■ Action item
Every record that follows should be copied exactly. No picture belongs in the copy.

■ Material supplied
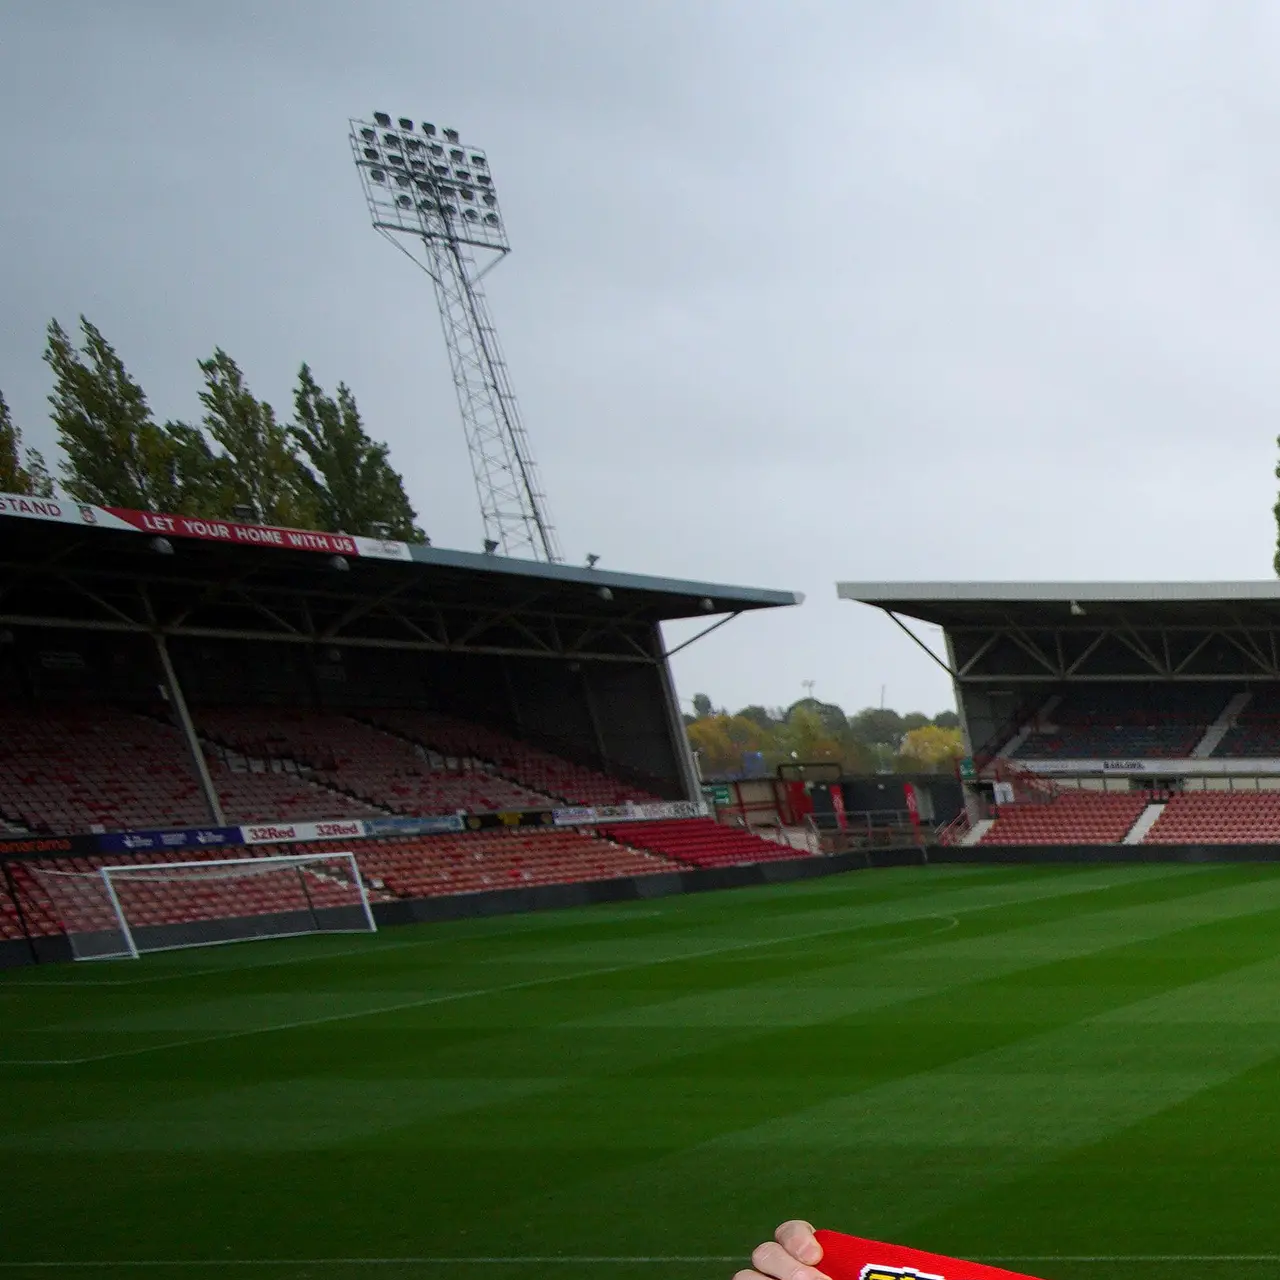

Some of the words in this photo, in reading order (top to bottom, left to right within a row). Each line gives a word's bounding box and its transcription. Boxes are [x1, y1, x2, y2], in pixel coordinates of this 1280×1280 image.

[143, 514, 176, 532] LET
[182, 519, 230, 539] YOUR
[235, 525, 282, 545] HOME
[288, 531, 328, 550] WITH
[331, 535, 354, 553] US
[248, 826, 296, 841] 32Red
[315, 822, 360, 837] 32Red

■ Written reply
Some of the words in this photo, in reading order (top to bottom, left to right within a row). Each line gives a word's bounding box and its transcription. Boxes are [x1, y1, x2, y2], in pixel coordinates of this 1280×1280 image.

[143, 514, 176, 532] LET
[182, 519, 230, 539] YOUR
[235, 525, 282, 545] HOME
[288, 531, 328, 550] WITH
[331, 535, 354, 553] US
[248, 826, 296, 841] 32Red
[315, 822, 360, 837] 32Red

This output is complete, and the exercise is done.